2021 to Back Office: “Complete the Customer Service Revolution!”
The pandemic has forced companies across the business spectrum to experiment with new ways of working. It’s also confirmed the effectiveness of some initiatives that were already underway.
Pre-pandemic, the application of intelligent automation to contact center processes was establishing itself as an effective way to reduce cost and boost productivity. Now—one exhausting year later—that automation has also proven its worth in the work-from-home paradigm, which appears to be the new normal for both service leaders and frontline agents.
Many of the challenges imposed by the pandemic are here to stay, and companies that fail to extend intelligent automation to the back office risk falling behind in the post-pandemic competition to satisfy customers. If back-office teams remain hobbled by legacy systems and antiquated processes, the benefits of the contact center workforce automation revolution will remain frustratingly limited.
Assess the challenge
Today, in the absence of a standardized framework, back-office service managers are hard-pressed to know if associates are engaged in completing a task, stuck on a problem, or just plain idle. Managers lack reliable markers to benchmark how employees are spending their time, and they have little insight into employee productivity because those metrics are often tracked manually in multiple systems. Every day is like a game of whack-a-mole.
But the experience of companies that have already applied intelligent automation to their contact center operations shows that the back-office battle can also be won. Transforming reactive, ad hoc back-office processes to a proactive, automated approach will radically change employee engagement, productivity and performance across the board. But it won’t work without buy-in from stakeholders.
Lead with communication
If businesses give their teams a clear understanding of what will change, how it will make their jobs easier and more rewarding, and how it will improve the customer experience, then the transformation is more likely to succeed.
But resistance to change is natural and should be expected. Employees may fear an automated intrusion into their already high-pressure workday. AI-based technology used to track their mouse clicks and keyboard strokes sounds like mistrustful micromanagement, until they understand that the purpose of detecting anomalies is to provide assistance—not punishment—precisely where and when it’s needed.
Communication is the linchpin of all change management initiatives. It begins with providing service leaders and associates with clear messaging on how the intelligent automation transformation will proceed—before, during and after roll-out. Make it clear that an initial monitoring period will be used to establish benchmarks, which will be used to determine thresholds. The new system will allow the company to define anomalies, decide who to prompt according to each unique situation (agents? supervisors? both?) and how to phrase the message. Wary employees will embrace transformation when they learn that the message is “Do you need help?” rather than “Get back to work!”
All systems, go!
Businesses have learned some tough lessons this past year. The pandemic imposed harsh stress tests on nearly every aspect of how to run a company, exposing weaknesses and highlighting areas that require fortification to resist future stresses (which will surely come).

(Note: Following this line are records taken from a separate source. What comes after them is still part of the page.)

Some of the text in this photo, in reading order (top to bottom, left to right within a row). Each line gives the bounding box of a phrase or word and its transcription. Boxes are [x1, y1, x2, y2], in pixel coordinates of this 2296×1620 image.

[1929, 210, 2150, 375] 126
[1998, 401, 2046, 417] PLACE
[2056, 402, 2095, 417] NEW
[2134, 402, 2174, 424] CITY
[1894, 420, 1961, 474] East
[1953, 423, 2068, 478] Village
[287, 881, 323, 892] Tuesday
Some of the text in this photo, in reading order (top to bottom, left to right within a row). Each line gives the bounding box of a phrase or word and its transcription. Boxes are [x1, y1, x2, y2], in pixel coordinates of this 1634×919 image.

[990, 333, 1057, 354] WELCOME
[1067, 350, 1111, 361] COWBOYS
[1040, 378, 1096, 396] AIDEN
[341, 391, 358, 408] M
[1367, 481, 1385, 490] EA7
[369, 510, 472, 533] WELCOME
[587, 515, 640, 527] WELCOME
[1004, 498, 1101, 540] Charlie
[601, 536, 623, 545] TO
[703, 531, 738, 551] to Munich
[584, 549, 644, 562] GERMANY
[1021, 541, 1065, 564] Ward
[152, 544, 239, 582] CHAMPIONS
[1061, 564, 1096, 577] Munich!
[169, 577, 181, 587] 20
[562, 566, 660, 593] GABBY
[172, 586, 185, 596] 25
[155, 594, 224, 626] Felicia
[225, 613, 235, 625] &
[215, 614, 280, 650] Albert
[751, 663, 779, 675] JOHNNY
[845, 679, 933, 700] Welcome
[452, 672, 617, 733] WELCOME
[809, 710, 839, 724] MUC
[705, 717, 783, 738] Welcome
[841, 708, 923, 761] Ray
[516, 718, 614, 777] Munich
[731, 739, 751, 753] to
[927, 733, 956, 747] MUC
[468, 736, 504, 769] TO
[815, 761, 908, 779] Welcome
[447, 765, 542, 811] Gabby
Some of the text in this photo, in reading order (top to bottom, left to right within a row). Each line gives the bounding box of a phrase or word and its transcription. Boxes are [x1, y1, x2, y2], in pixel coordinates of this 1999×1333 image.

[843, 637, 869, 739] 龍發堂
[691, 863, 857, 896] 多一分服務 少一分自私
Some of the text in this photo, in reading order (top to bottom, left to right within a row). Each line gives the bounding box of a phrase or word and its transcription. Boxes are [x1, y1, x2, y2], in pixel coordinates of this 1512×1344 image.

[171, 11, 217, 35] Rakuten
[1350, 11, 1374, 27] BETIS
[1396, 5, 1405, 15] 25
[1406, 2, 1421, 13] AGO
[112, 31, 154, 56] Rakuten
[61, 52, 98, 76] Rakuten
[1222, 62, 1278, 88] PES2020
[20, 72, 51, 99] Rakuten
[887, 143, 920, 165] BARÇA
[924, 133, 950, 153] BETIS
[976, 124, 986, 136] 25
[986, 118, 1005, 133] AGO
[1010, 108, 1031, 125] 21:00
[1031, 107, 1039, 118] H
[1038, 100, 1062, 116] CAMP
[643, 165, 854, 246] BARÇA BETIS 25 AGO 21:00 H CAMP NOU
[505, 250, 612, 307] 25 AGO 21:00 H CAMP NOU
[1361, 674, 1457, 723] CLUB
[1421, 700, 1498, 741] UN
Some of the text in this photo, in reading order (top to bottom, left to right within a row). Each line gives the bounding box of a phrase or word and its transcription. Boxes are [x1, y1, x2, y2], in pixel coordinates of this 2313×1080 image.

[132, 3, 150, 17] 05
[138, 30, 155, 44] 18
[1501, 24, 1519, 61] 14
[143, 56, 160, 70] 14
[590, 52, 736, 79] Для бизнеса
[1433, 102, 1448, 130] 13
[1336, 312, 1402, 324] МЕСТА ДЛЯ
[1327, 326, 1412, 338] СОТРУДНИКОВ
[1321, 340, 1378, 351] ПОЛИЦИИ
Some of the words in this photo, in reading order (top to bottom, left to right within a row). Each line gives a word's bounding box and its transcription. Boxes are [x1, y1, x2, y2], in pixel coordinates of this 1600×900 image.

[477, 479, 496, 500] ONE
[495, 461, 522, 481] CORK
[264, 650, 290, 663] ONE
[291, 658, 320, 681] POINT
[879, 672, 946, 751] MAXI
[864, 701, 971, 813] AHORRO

Intelligent automation has transformed contact center operations, boosting productivity and streamlining the work of frontline agents and service leaders. This has enabled centers to provide outstanding customer service—even when the entire team is working from home.
Companies that extend intelligent automation to their back-office teams—the unsung heroes of any service organization—will complete the transformation and reap the full benefits of the automation revolution. Both front- and back-office customer service teams will be positioned to overcome post-pandemic challenges and fulfill their role as company ambassadors and reliable bottom-line contributors.